Output every line below exactly, please, omitting pictures.

========================================

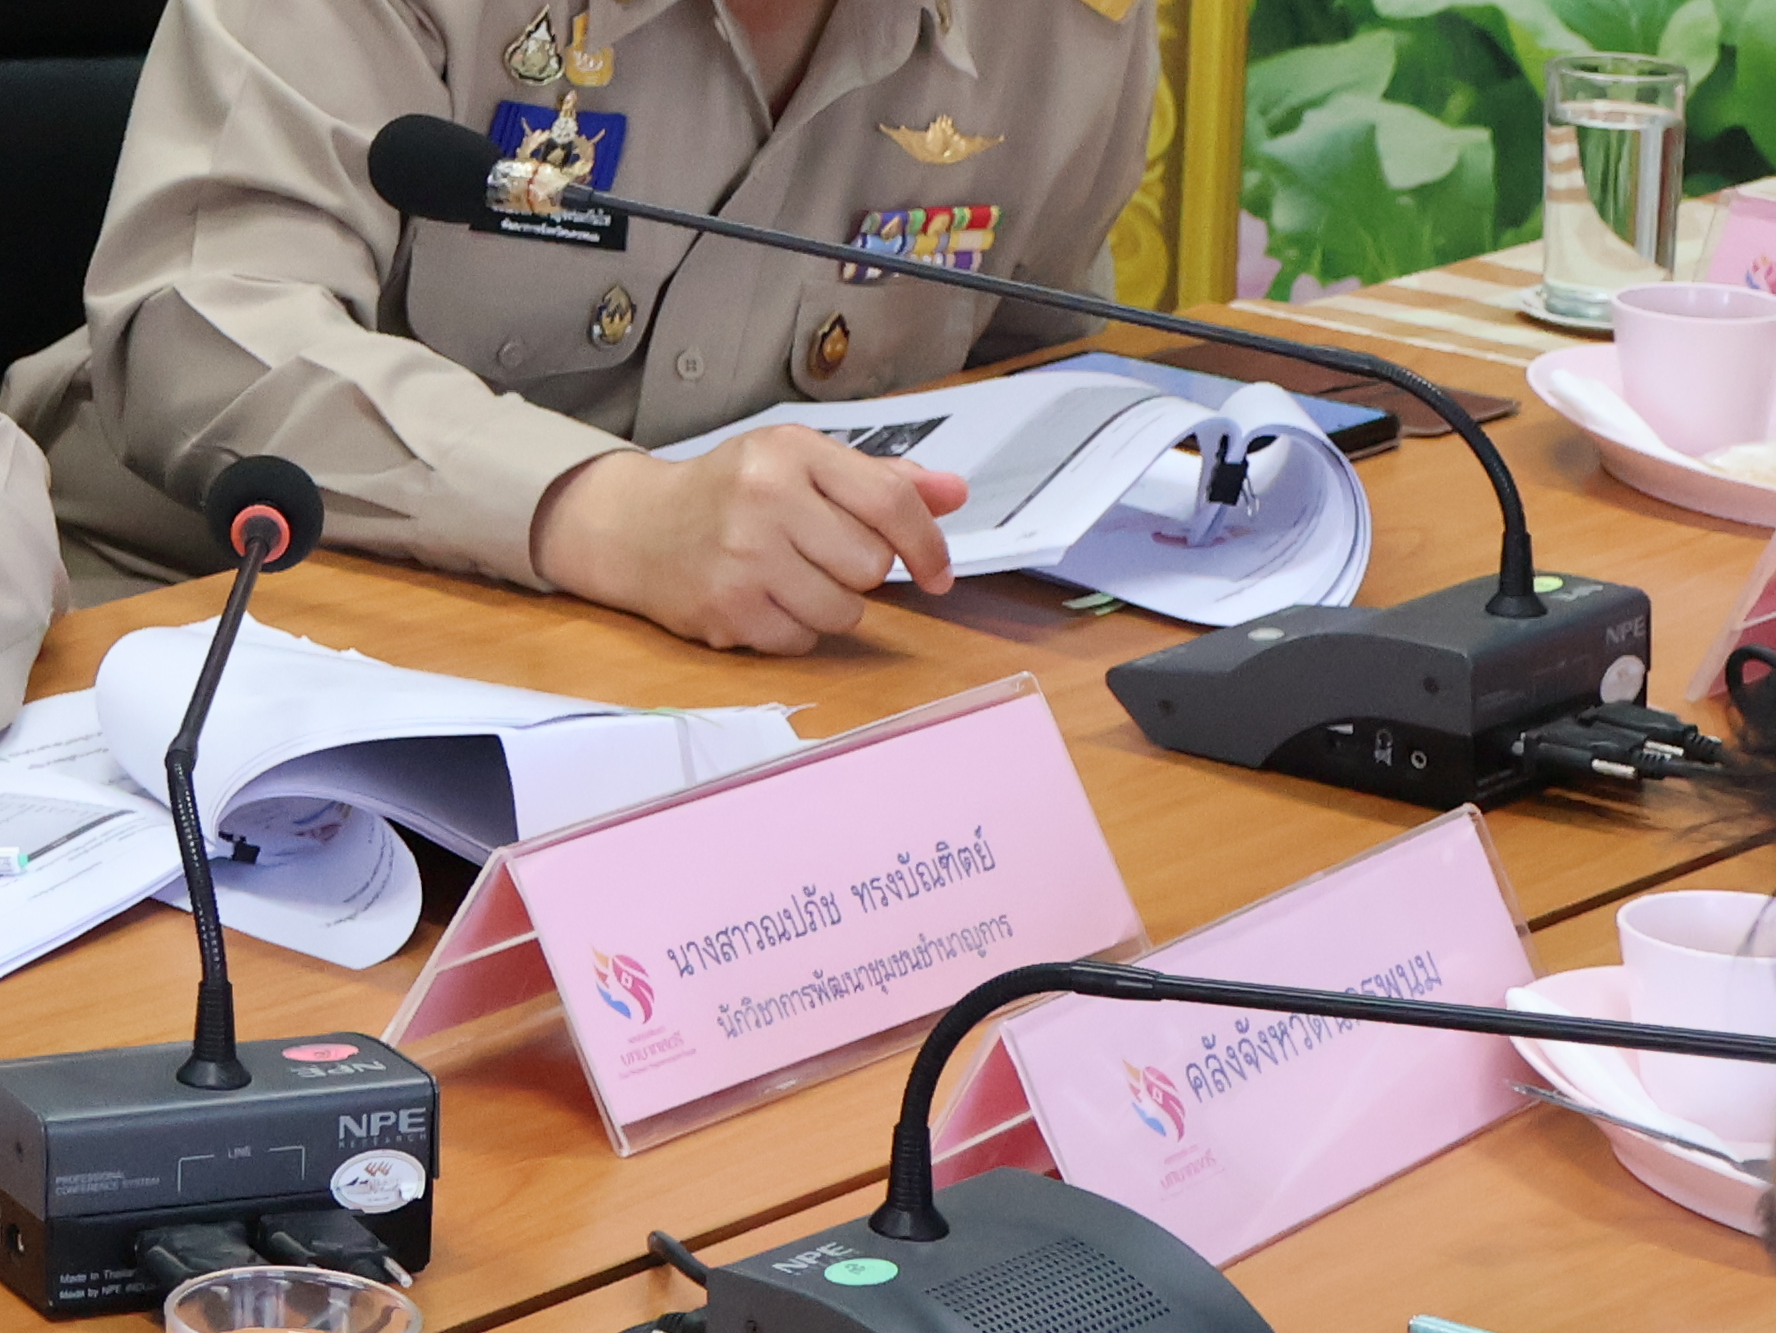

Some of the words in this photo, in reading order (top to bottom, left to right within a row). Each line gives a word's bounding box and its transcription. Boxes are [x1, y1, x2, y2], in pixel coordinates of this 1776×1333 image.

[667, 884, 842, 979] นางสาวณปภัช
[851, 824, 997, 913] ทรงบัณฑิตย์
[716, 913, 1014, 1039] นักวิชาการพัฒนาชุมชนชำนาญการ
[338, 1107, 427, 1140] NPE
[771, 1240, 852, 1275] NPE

========================================

# Response
Some of the words in this photo, in reading order (top to bottom, left to right within a row). Each line gives a word's bounding box and its transcription. Boxes are [x1, y1, x2, y2], in pixel coordinates of this 1776×1333 image.

[667, 884, 842, 979] นางสาวณปภัช
[851, 824, 997, 913] ทรงบัณฑิตย์
[716, 913, 1014, 1039] นักวิชาการพัฒนาชุมชนชำนาญการ
[338, 1107, 427, 1140] NPE
[771, 1240, 852, 1275] NPE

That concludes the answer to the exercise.